Not Massey’s mountain specialists. They know the 2518-metre-high cone is just biding its time to vent.
After examining the figures and working out a distribution system on that one core sample, Bebbington says there is a 33-50% chance of Taranaki becoming active in the next half-century. “That’s fairly conservative,” he says of the estimate.
That’s because there’s more. In fact, another core, this sample taken last year from Lake Rotokare, south-east of the mountain near Eltham.
“It appears there were quite a number of events in that sample that don’t correspond with the one from Lake Umutekai,” he says. What this means is that the chance of an eruption just rose – along with the eruption count from days gone by.
“My gut feeling is that there have been somewhere between 150 and 200 (volcanic) events,” Bebbington says of that 10,000-year period.

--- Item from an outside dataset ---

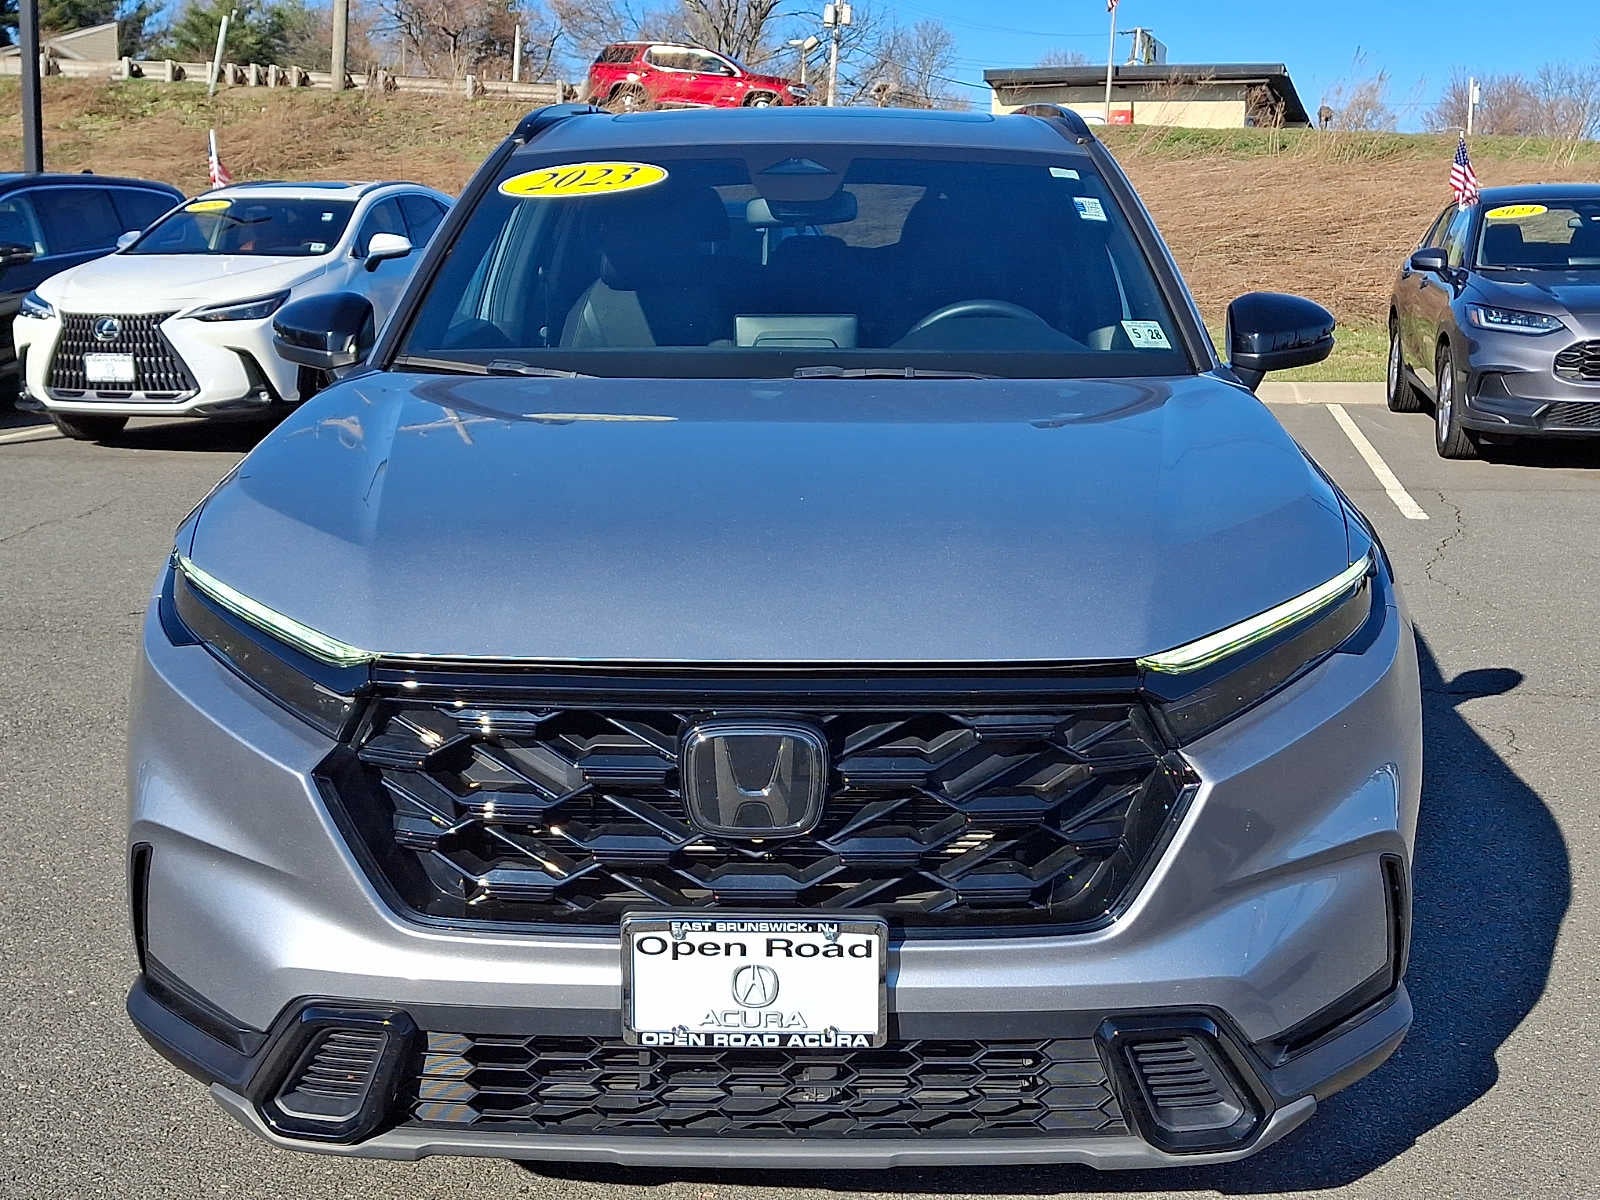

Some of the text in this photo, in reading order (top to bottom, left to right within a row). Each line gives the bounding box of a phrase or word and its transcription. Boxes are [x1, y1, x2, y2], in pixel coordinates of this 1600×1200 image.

While the new numbers don’t go back as far as the 450-year slumber period, the ash deposits show that wind direction has a lot to do with reading the life-lines of volcanoes.
In other words, if the wind was blowing a different way during the volcanic explosion, the ash may have landed somewhere else.
The discrepancies between the two core samples show this.
But Bebbington says scientists are still trying to match up the geochemistry of the ash samples, so a final reading on the mountain’s fiery future is yet to be revealed.
Just know, there are sensitive seismic recorders all over the rising landmark, which is being (thankfully) stubbornly still.
There is movement though. “East off the end of Taranaki there’s some activity there,” Bebbington says.
These deep-earth rumbles may be a sign, a hint from down-under, that the sleeper is about to awake.